Task
Would you please give every entry again exactly, without the pictures?

Data entries:
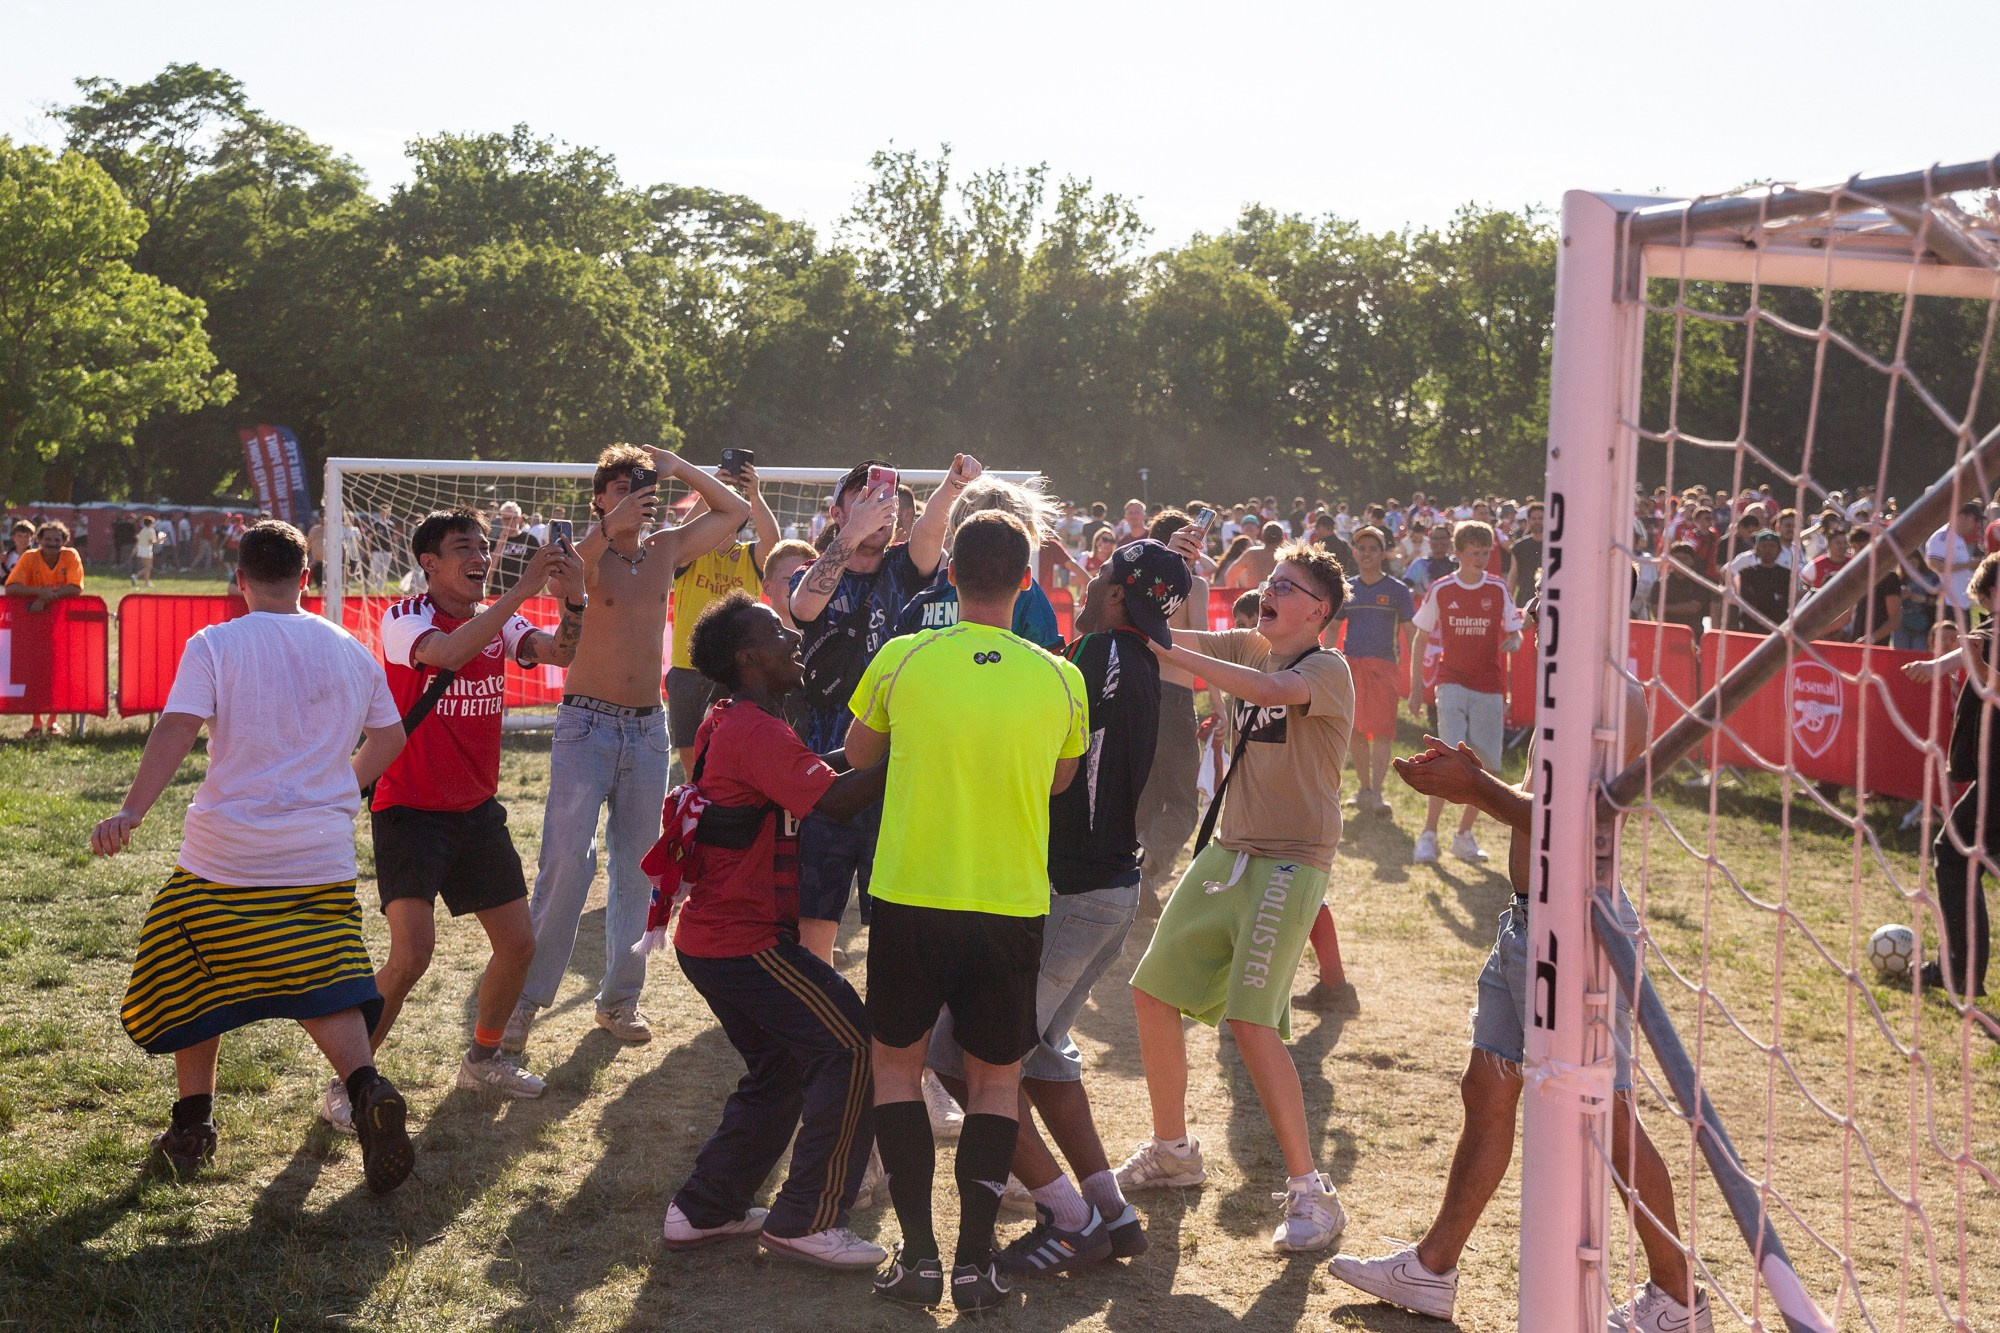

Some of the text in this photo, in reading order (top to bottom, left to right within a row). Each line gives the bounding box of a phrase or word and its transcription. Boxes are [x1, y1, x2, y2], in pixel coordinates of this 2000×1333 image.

[1793, 676, 1836, 696] Arsenal
[436, 696, 502, 717] FLY BETTER
[1242, 872, 1294, 989] HOLLISTER
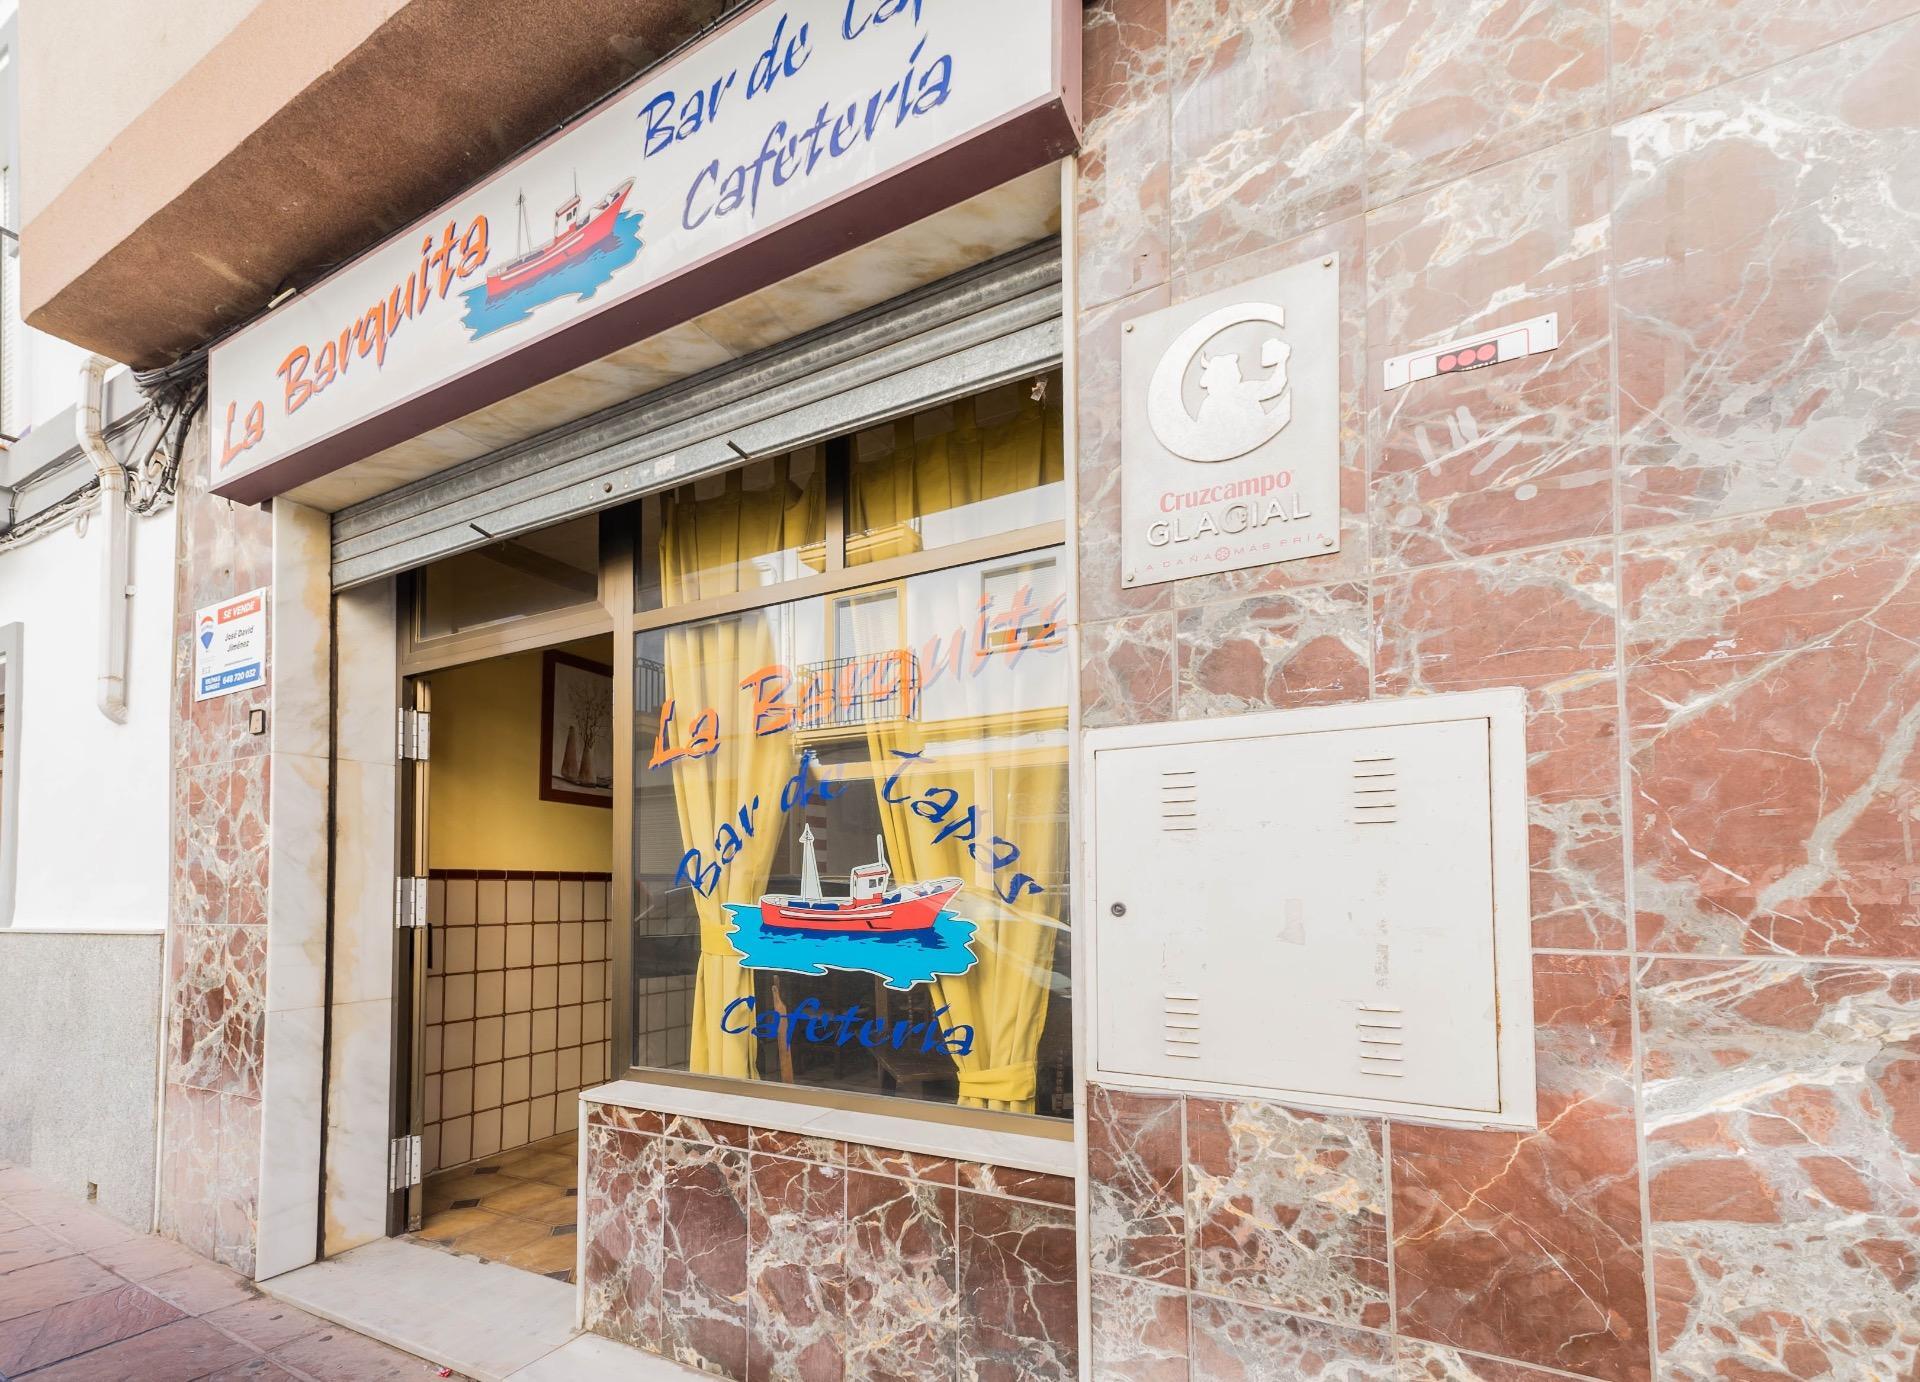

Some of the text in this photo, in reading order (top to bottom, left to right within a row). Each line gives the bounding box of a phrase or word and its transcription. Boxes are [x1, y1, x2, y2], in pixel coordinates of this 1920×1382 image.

[637, 69, 737, 160] Bar
[745, 12, 812, 101] de
[682, 31, 953, 231] Cafetería
[220, 214, 490, 471] La Barquita
[1146, 493, 1312, 547] GLACIAL
[1159, 469, 1292, 513] Cruzcampo
[223, 600, 256, 620] SE VENDE
[648, 699, 721, 770] La
[673, 748, 1045, 905] Bar de Tapas
[720, 995, 975, 1057] Cafetería

Task result
Some of the text in this photo, in reading order (top to bottom, left to right within a row). Each line gives the bounding box of a phrase or word and its transcription. Boxes are [x1, y1, x2, y2], in pixel coordinates of this 2000×1333 image.

[1793, 676, 1836, 696] Arsenal
[436, 696, 502, 717] FLY BETTER
[1242, 872, 1294, 989] HOLLISTER

Some of the text in this photo, in reading order (top to bottom, left to right within a row). Each line gives the bounding box of a phrase or word and its transcription. Boxes are [x1, y1, x2, y2], in pixel coordinates of this 1920×1382 image.

[637, 69, 737, 160] Bar
[745, 12, 812, 101] de
[682, 31, 953, 231] Cafetería
[220, 214, 490, 471] La Barquita
[1146, 493, 1312, 547] GLACIAL
[1159, 469, 1292, 513] Cruzcampo
[223, 600, 256, 620] SE VENDE
[648, 699, 721, 770] La
[673, 748, 1045, 905] Bar de Tapas
[720, 995, 975, 1057] Cafetería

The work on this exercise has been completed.